Cela offre aussi une belle interaction, car au moment du “Jour du roi” le joueur qui est le plus élevé sur la piste jalon gagne 6 points, le suivant 2, les autres rien du tout (tiens comme Barrage avec sa piste d’énergie ^^).
L’énergie est notre avenir
Si au début, il n’y a qu’une seule centrale parmi les quatre qui est pourvue en Nucleum, en avançant dans la partie, les joueurs vont pouvoir approvisionner les autres en fameux minerai. Cela va nous offrir plus de capacités de production, car chose que je ne vous ai pas dite, mais chaque centrale ne peut traiter qu’un seul cube d’uranium (qui produit deux d’énergie) et pour en utiliser plus il faut soit passer par des turbines, les siennes ou celle des autres joueurs, soit par d’autres centrales.

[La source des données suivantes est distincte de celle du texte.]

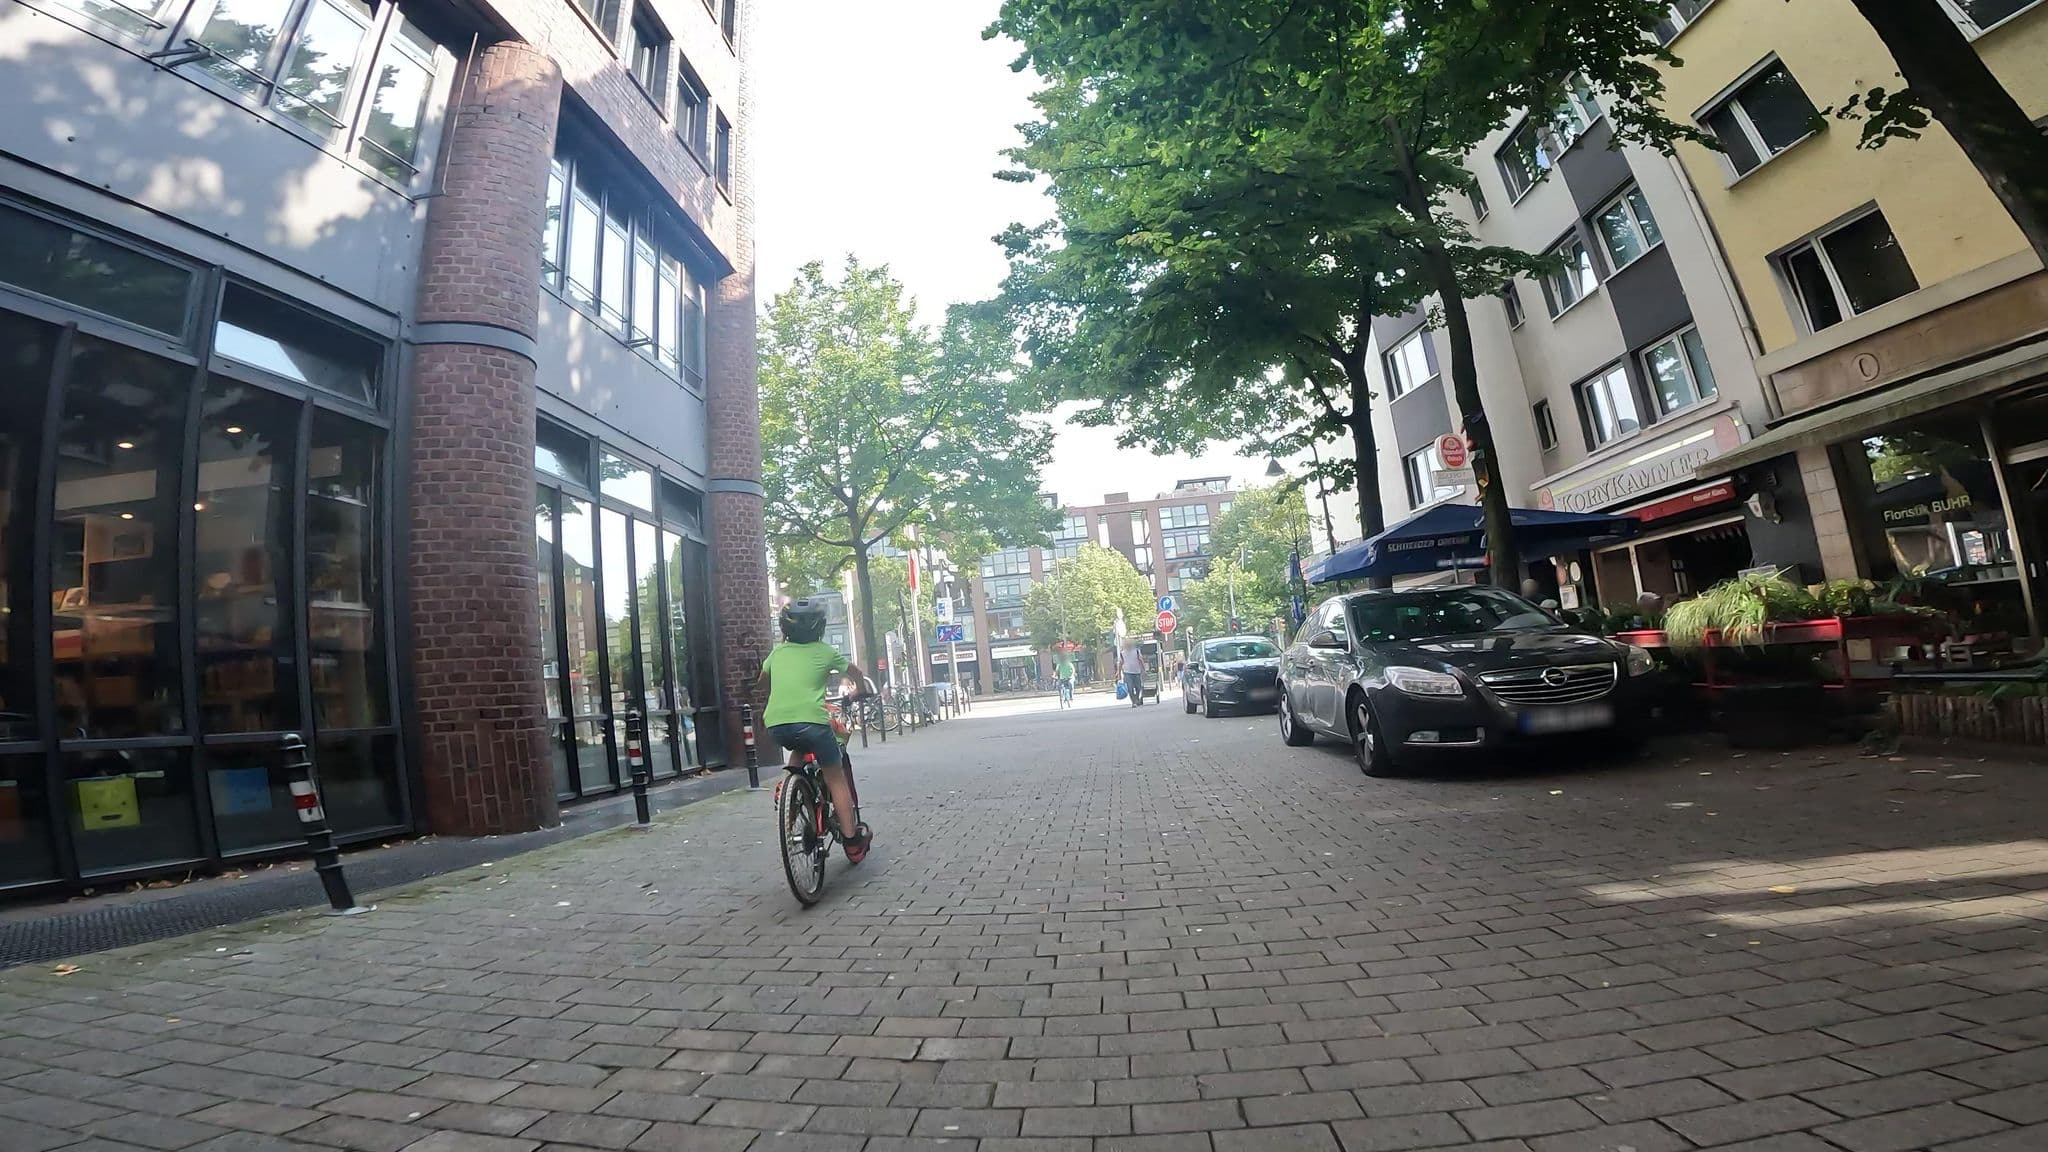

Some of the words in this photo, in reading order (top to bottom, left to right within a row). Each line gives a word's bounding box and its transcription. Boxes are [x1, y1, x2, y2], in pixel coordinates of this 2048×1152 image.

Là encore, il peut y avoir une course qui se joue, car c’est le joueur qui atteint le seuil où est présent le nucléum qui va décider de la centrale qu’il va ravitailler. Évidemment il va choisir celle qui l’arrange le plus. Encore un petit truc malin, si le premier gagne le nucleum, il risque de perdre la course à la production, pendant le jour du roi, car les autres pourront essayer de produire plus pour placer leur étoile plus haut.
Quand on construit une mine d’uranium on y place un ou des petits cubes verts, mais là aussi attention à la pénurie ; toutefois il existe plusieurs moyens de réalimenter, comme certaines tuiles actions, en prenant des contrats ou bien des tuiles technologies. La gestion de cette ressource radioactive est très importante… mais tout est important, l’argent pour construire des bâtiments, les Meeples pour les turbines & mines.
Moteur nucléaire
S’il possède beaucoup de similitudes avec les deux chefs-d’œuvre (ces propos n’engagent que moi ^^) il a aussi ses qualités propres et se distingue par ses particularités. Revenons sur les contrats, mais aussi les bâtiments, en réalisant l’un, ou en alimentant l’autre, on gagne des bonus qui peuvent être des avancées sur des pistes de revenus, en points de victoire, argent et Meeples – une ressource ultra nécessaire pour construire des turbines, des mines d’uranium, mais aussi pour construire des rails, ainsi que des tuiles technologies. Il faut donc garder à l’esprit nos besoins et y pallier.
On peut s’en prémunir aussi avec les bonnes tuiles Innovations que l’on aura achetées sur le marché. Nucleum reste très ouvert et on peut se lancer dans différentes stratégies. Les contrats nous donnent des bonus à la réalisation, mais aussi à la prise. Une fois un contrat choisi on le place à la gauche de notre plateau, pour gagner un cube uranium, un Meeple, deux sous, etc. Et c’est très gratifiant disons-le. Parfois on cherchera un contrat pour avoir le Meeple ou l’uranium qui nous manque. En se creusant les méninges on trouve une solution, pas forcément optimale, mais elle existe.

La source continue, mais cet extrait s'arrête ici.